City leaders and engineers say the work is sorely needed, but they know it's painful.

"It looks a little tough out there," said Adam Hayow, project manager for the city. Crosswalks are dirt, sidewalks are detoured, and drivers are forced to navigate a series of cones and barricades that can challenge their patience.

The construction prompted the Uptown Art Fair to cancel what would have been its 60th annual festival. Instead, Bachman's in far southwest Minneapolis will host an arts event.

Every Uptown business is still open and accessible, technically.

"It's bad, I'm not gonna lie, said Phonsuda Chanthavisouk, co-owner of Tii Cup, a bubble tea, Thai street food and cocktail lounge that opened just north of 27th Street in April — just before city contractors closed the street and began tearing apart everything.

And by everything, we mean everything: the sidewalk; the street; the brick, iron and wooden ties of streetcar lines beneath the street; the substrate beneath that; the storm sewers and sanitary sewers beneath that. Lead water lines, aged natural-gas lines and any manner of dirt, buried litter and archaeological detritus has been unearthed in what engineers call a "full reconstruction."

"Building face to building face," Hayow said.

What's being done

In addition to all that infrastructure being replaced, as well as Xcel Energy burying electric cables that are currently overhead, Hennepin will get a full makeover with the features typical of many new Minneapolis streets.

Among the changes:

  • Sidewalks will be easier to use, with consistent widths and a strip of vegetation planted next to the curb.
  • A two-way protected bike lane will run along the east side of the street.
  • Outside lanes on the two-way, four-lane street will become "transit priority" during rush hours, when only buses will be allowed in those lanes and parking will be banned for all but a few loading areas.
  • New signals, crosswalks and intersection designs, such as bump-out corners, are intended to improve safety.

In addition, Metro Transit is using the moment to prepare Lake Street and Lagoon Avenue for its bus rapid transit project, the B Line, which involves elevated bus stations and changes to the streets themselves. So Lake and Lagoon, while open to traffic, are partly ripped up, too.

"We're ripping the Band-Aid off," said City Council Vice President Aisha Chughtai, who represents the east side of Hennepin. "We could hypothesize about the best time to do it, but I think it's a good thing that this lines up with Lake Street B Line."

Why it's needed

The last time the 1.4-mile stretch of Hennepin Avenue S. was reconstructed was more than 65 years ago. Dwight D. Eisenhower was president, and the only pro sports team in town was the Minneapolis Lakers.

"It's in really poor condition," Hayow said of the infrastructure.
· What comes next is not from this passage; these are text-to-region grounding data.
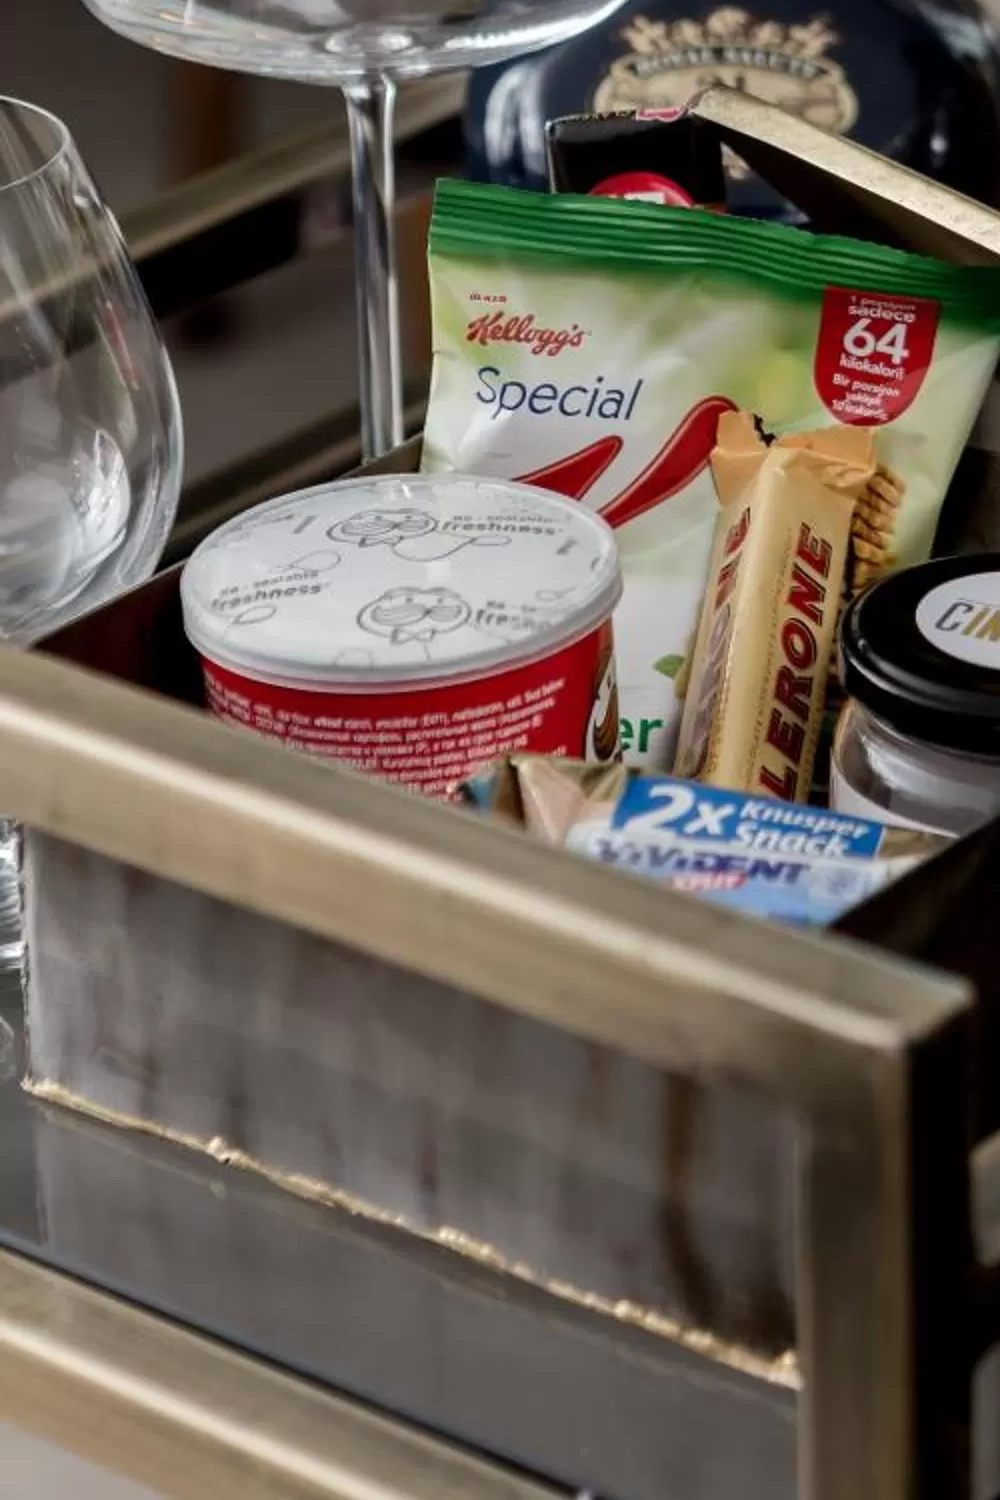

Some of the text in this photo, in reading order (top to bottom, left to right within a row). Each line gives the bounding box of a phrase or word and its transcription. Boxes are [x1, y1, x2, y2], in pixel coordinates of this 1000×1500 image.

[467, 310, 586, 357] Kellogg's
[848, 304, 917, 324] sadece
[843, 318, 909, 365] 64
[476, 366, 644, 421] Special
[624, 783, 736, 839] 2x
[740, 799, 871, 840] Knusper
[734, 820, 851, 858] Snack
Council Member Katie Cashman, who represents the west side of Hennepin Avenue S., said the "catastrophic" risk of a ruptured sewer line or water main is well-known. "Remember the sinkhole at 27th and Girard last summer?" she said in an email to a reporter, recalling a crater created by a 120-year-old ruptured sewer line.

Why now?

Planning for the project began before 2018. The timeline fell into place after federal funding was secured before the pandemic, and work was slated to start in 2023.
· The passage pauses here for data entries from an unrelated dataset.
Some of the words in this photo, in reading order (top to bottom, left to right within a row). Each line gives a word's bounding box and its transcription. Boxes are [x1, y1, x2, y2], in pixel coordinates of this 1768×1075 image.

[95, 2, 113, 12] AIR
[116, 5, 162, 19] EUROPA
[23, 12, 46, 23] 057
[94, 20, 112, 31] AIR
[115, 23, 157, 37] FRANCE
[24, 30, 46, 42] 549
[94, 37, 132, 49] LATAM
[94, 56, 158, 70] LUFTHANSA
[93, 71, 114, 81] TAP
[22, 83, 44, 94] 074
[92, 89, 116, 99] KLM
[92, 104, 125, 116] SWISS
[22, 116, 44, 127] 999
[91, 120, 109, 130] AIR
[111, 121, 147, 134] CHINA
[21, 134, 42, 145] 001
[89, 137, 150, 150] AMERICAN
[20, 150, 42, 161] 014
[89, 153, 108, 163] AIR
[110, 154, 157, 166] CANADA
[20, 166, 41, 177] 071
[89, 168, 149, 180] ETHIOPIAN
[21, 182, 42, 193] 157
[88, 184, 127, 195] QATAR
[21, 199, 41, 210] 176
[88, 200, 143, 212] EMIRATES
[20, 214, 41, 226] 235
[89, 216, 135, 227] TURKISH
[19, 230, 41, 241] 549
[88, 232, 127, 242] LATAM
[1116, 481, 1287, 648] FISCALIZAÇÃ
But with Uptown reeling from the pandemic and property damage following the murder of George Floyd in 2020 and the killing of Winston Smith in 2021, the city asked the federal government for more time. Federal transportation officials granted the city one more year. In other words, the work had to happen now, or tens of millions of dollars in federal funds would be withheld, several officials said.

Both Cashman and Chughtai said the project will be worth it in the long run, with Chughtai calling it a "generational investment." However, she noted, "What we do right now to get through the work, that's the hardest part."

Both council members are hoping to allocate new funds to help local businesses make it through the construction.

Business owners like Tii Cup's Chanthavisouk, who said she's optimistic for Uptown's future, are looking forward to the fall when Hennepin reopens. "I have faith," she said.

A few blocks away, Chela Lazo looked out over the dirt mounds from her newly opened barber shop on a recent afternoon. "It makes me sad, but maybe little by little, customers will come, and then they'll tell their friends, and more will come, and then the construction will be done, and people will walk by and see a busy barber shop," she said.